RECORDS SUPPLIED below:

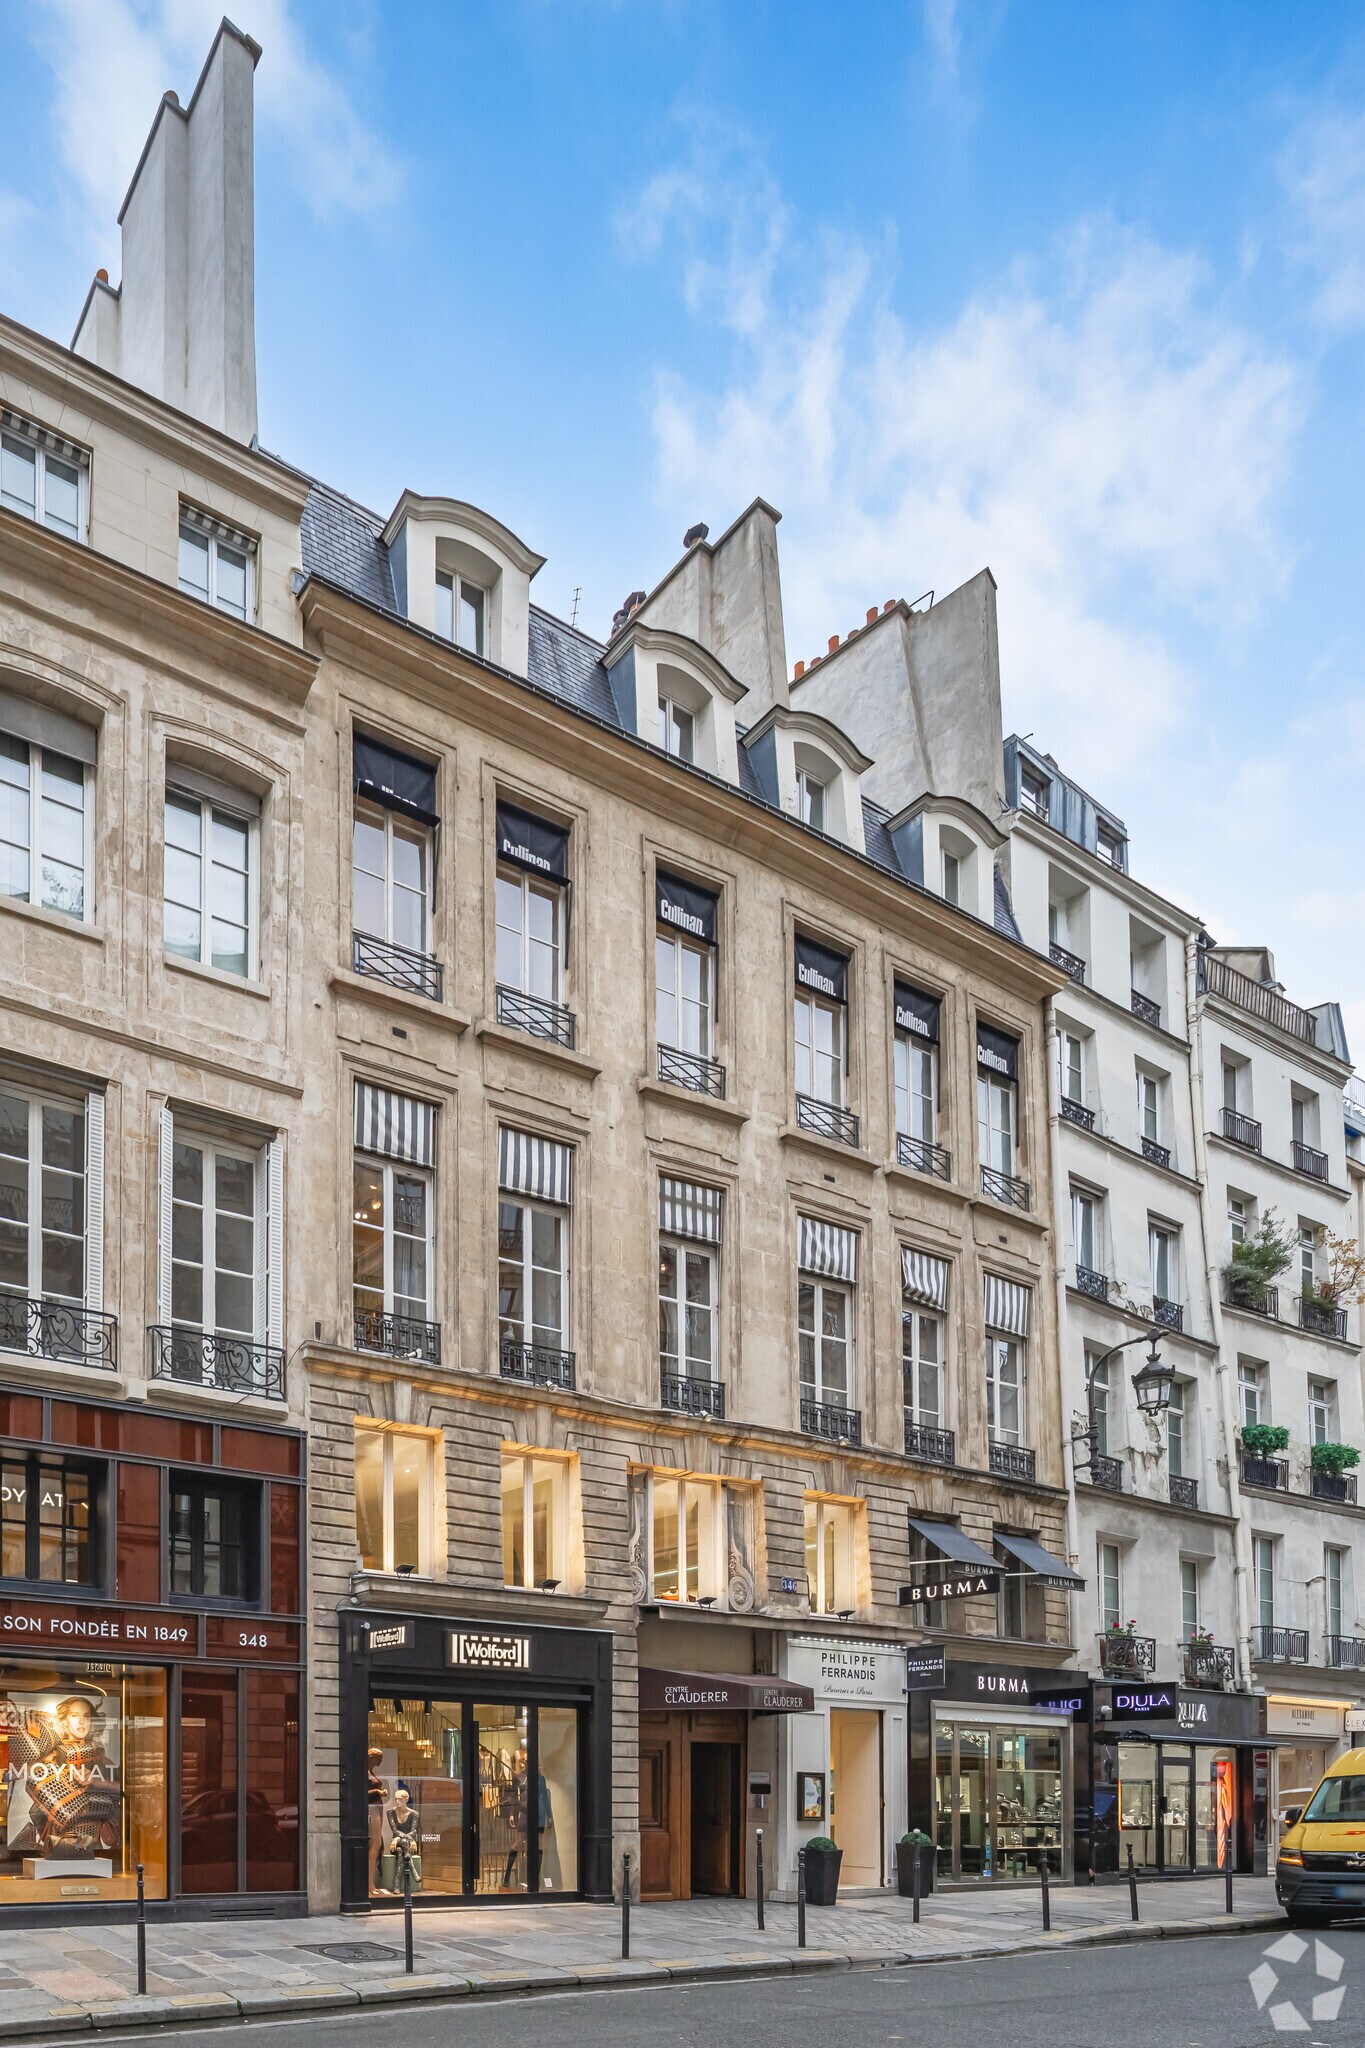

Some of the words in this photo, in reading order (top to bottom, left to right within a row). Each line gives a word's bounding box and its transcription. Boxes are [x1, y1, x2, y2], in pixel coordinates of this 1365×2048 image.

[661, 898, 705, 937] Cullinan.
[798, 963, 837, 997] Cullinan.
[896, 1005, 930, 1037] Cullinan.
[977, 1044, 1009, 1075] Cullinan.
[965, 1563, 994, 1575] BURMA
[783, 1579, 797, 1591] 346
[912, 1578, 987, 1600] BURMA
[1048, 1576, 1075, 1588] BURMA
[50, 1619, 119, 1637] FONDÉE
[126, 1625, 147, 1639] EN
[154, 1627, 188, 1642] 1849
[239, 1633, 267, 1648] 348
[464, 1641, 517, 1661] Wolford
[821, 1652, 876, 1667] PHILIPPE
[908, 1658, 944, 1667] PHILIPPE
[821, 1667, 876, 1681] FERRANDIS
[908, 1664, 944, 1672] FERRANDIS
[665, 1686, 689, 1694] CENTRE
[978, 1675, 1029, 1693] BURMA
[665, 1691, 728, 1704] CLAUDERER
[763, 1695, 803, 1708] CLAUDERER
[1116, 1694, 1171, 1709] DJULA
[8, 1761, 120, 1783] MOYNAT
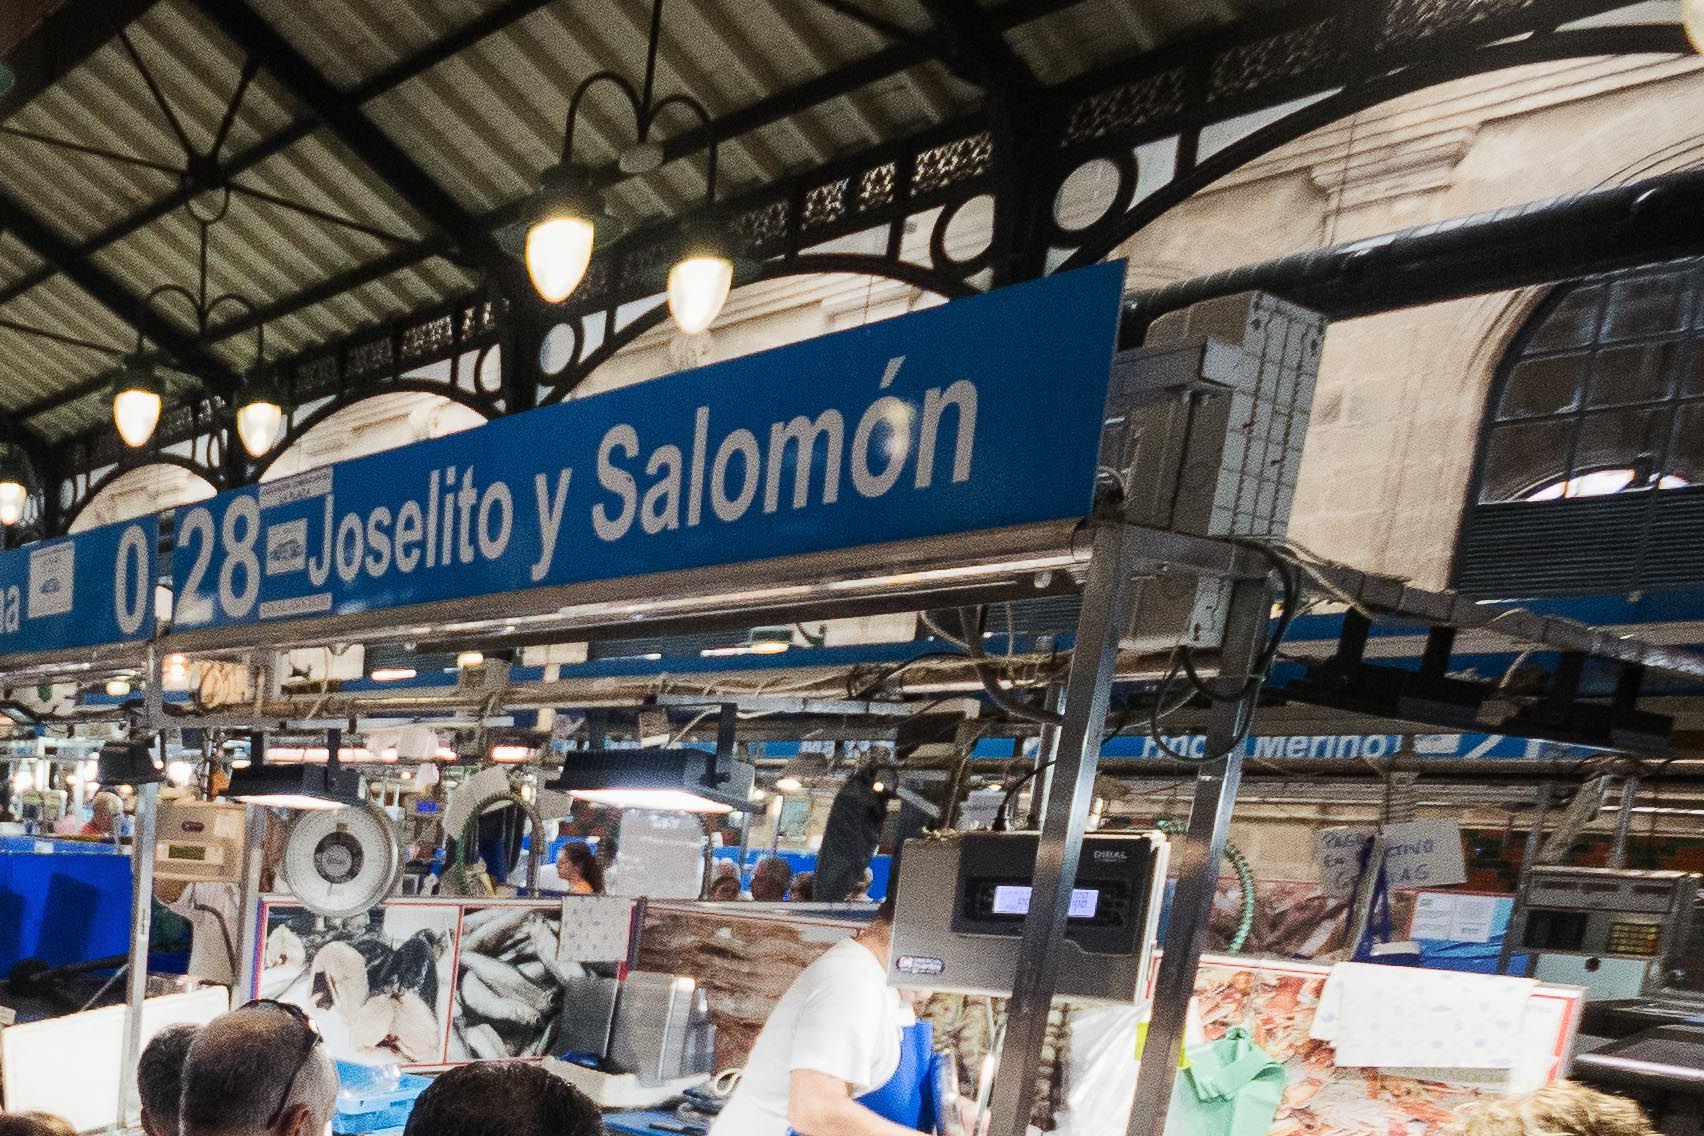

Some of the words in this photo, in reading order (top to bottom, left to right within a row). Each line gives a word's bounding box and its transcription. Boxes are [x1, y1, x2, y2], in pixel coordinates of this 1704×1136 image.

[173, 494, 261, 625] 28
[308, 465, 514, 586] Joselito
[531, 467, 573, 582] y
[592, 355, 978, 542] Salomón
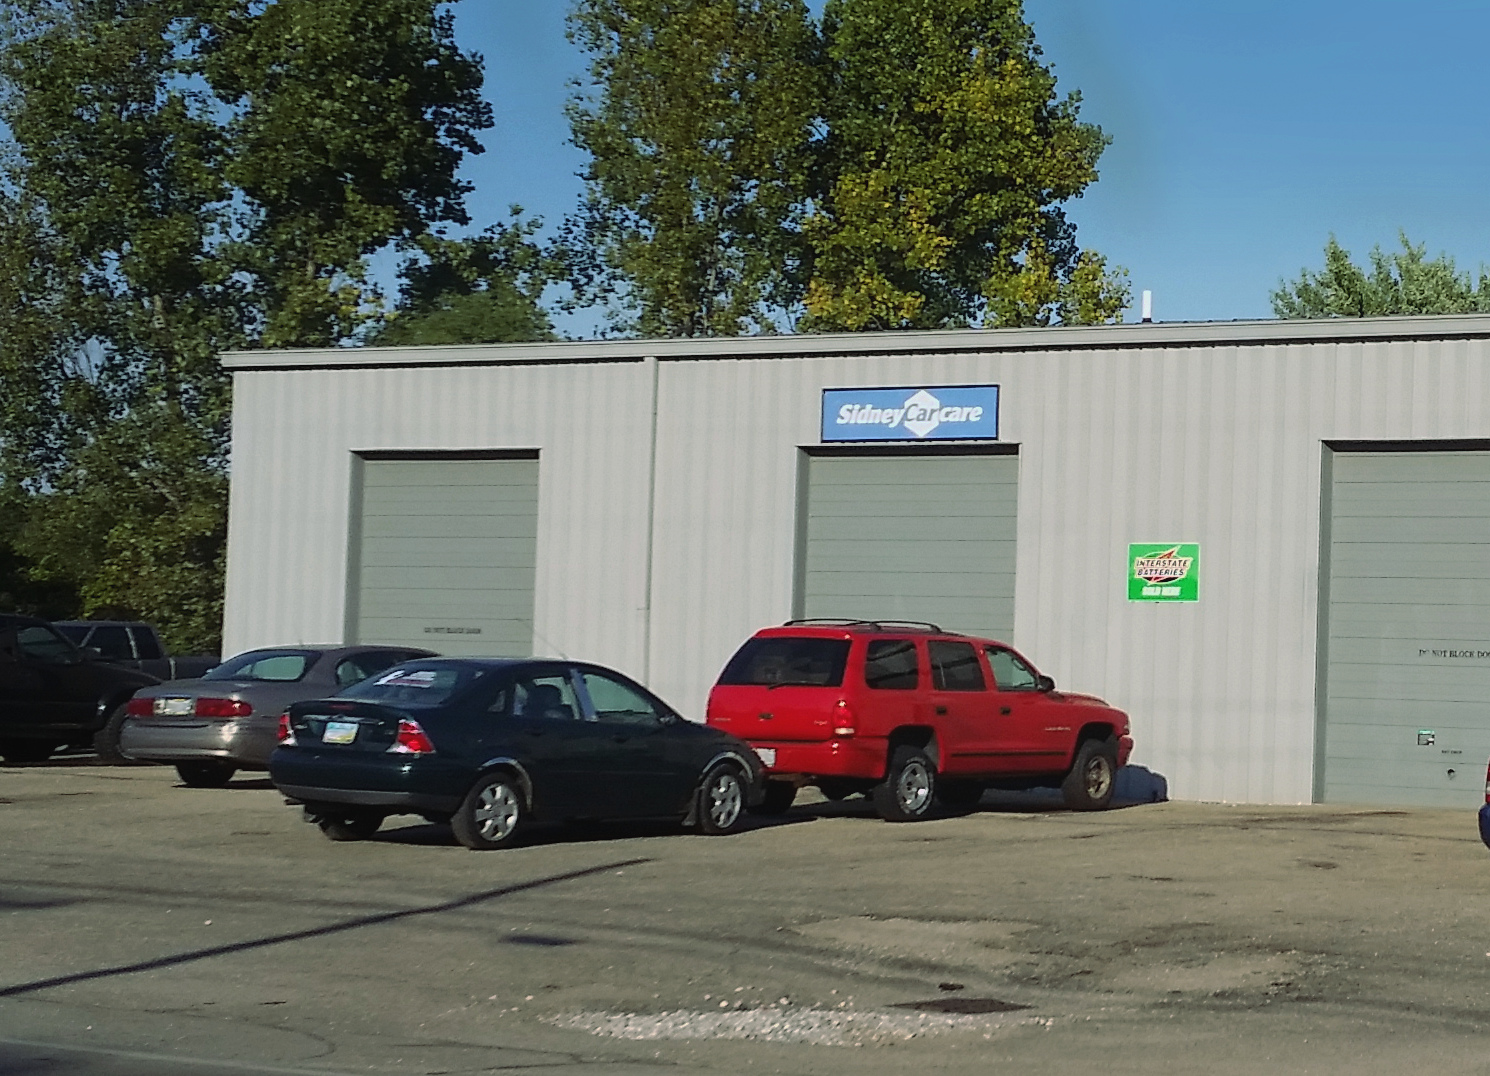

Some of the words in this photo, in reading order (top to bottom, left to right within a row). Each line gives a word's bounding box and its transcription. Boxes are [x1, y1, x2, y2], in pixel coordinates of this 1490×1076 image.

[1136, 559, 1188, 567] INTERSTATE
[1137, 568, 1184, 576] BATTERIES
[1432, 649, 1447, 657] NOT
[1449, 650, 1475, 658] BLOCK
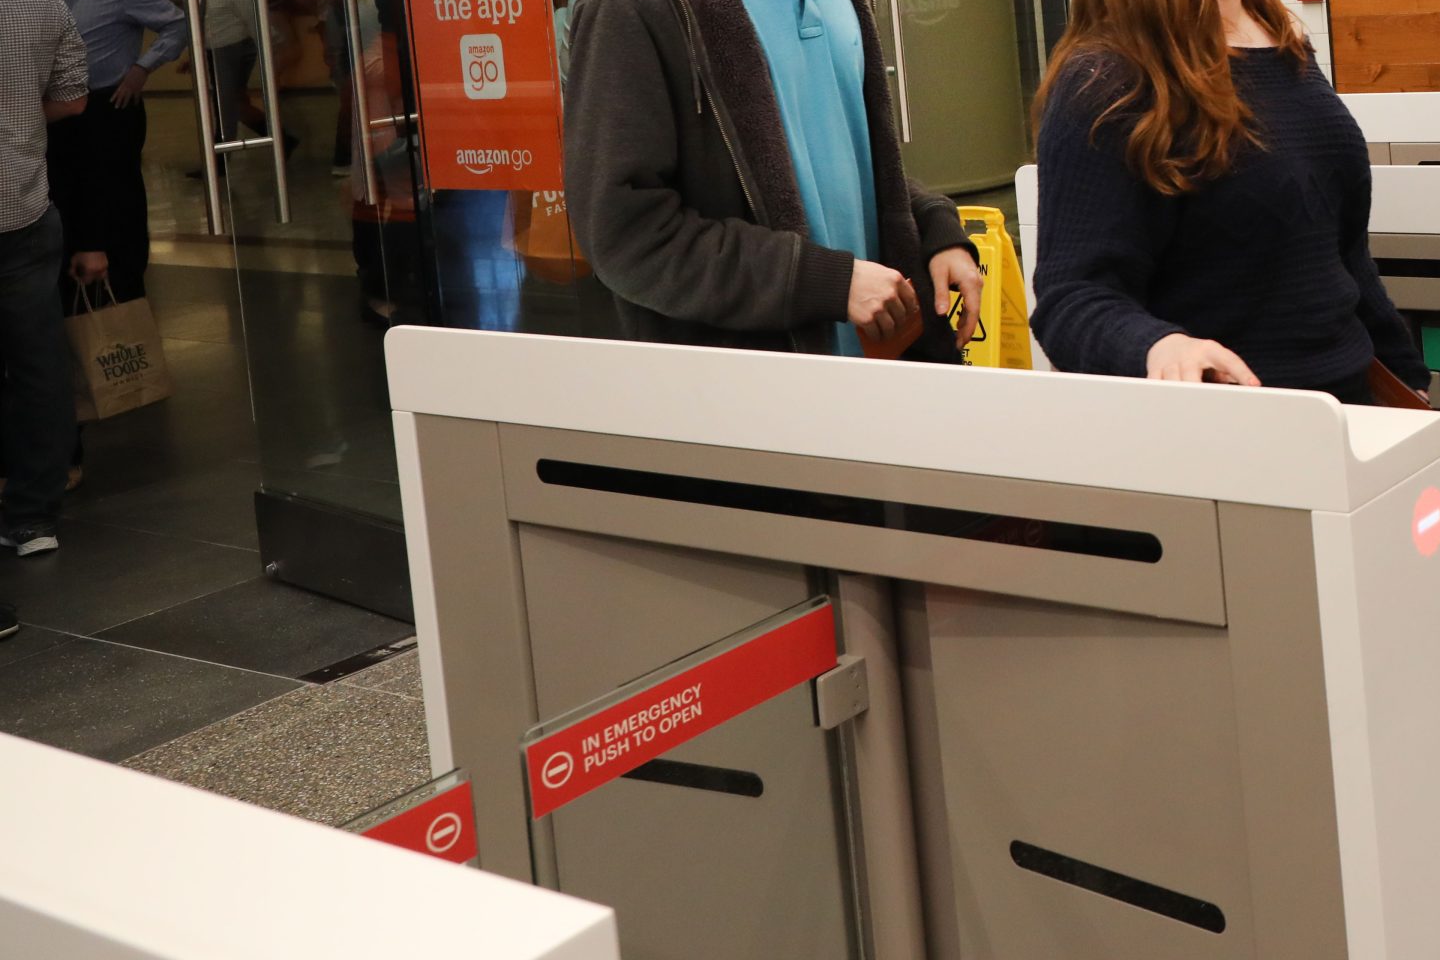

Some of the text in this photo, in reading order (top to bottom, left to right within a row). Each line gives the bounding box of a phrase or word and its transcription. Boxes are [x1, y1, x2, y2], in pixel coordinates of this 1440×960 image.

End of RECORDS SUPPLIED.

Nothing but the pictures is to be left out; repeat the data exactly.

Some of the words in this photo, in reading order (top to bottom, left to right within a row). Each line gives a word's bounding box and its transcription. Boxes are [x1, y1, x2, y2], in pixel coordinates of this 1365×2048 image.

[661, 898, 705, 937] Cullinan.
[798, 963, 837, 997] Cullinan.
[896, 1005, 930, 1037] Cullinan.
[977, 1044, 1009, 1075] Cullinan.
[965, 1563, 994, 1575] BURMA
[783, 1579, 797, 1591] 346
[912, 1578, 987, 1600] BURMA
[1048, 1576, 1075, 1588] BURMA
[50, 1619, 119, 1637] FONDÉE
[126, 1625, 147, 1639] EN
[154, 1627, 188, 1642] 1849
[239, 1633, 267, 1648] 348
[464, 1641, 517, 1661] Wolford
[821, 1652, 876, 1667] PHILIPPE
[908, 1658, 944, 1667] PHILIPPE
[821, 1667, 876, 1681] FERRANDIS
[908, 1664, 944, 1672] FERRANDIS
[665, 1686, 689, 1694] CENTRE
[978, 1675, 1029, 1693] BURMA
[665, 1691, 728, 1704] CLAUDERER
[763, 1695, 803, 1708] CLAUDERER
[1116, 1694, 1171, 1709] DJULA
[8, 1761, 120, 1783] MOYNAT

Some of the words in this photo, in reading order (top to bottom, left to right within a row). Each line gives a word's bounding box and its transcription. Boxes are [x1, y1, x2, y2], in pixel coordinates of this 1704×1136 image.

[173, 494, 261, 625] 28
[308, 465, 514, 586] Joselito
[531, 467, 573, 582] y
[592, 355, 978, 542] Salomón

Some of the words in this photo, in reading order (top to bottom, left to right within a row). Each line gives a word's bounding box and its transcription. Boxes are [x1, y1, x2, y2], in pixel coordinates of this 1490×1076 image.

[1136, 559, 1188, 567] INTERSTATE
[1137, 568, 1184, 576] BATTERIES
[1432, 649, 1447, 657] NOT
[1449, 650, 1475, 658] BLOCK

Some of the text in this photo, in reading order (top to bottom, left to right within a row). Each line gives the bounding box of a phrase or word and its transcription. Boxes are [x1, y1, x2, y2], in pixel coordinates of this 1440×960 image.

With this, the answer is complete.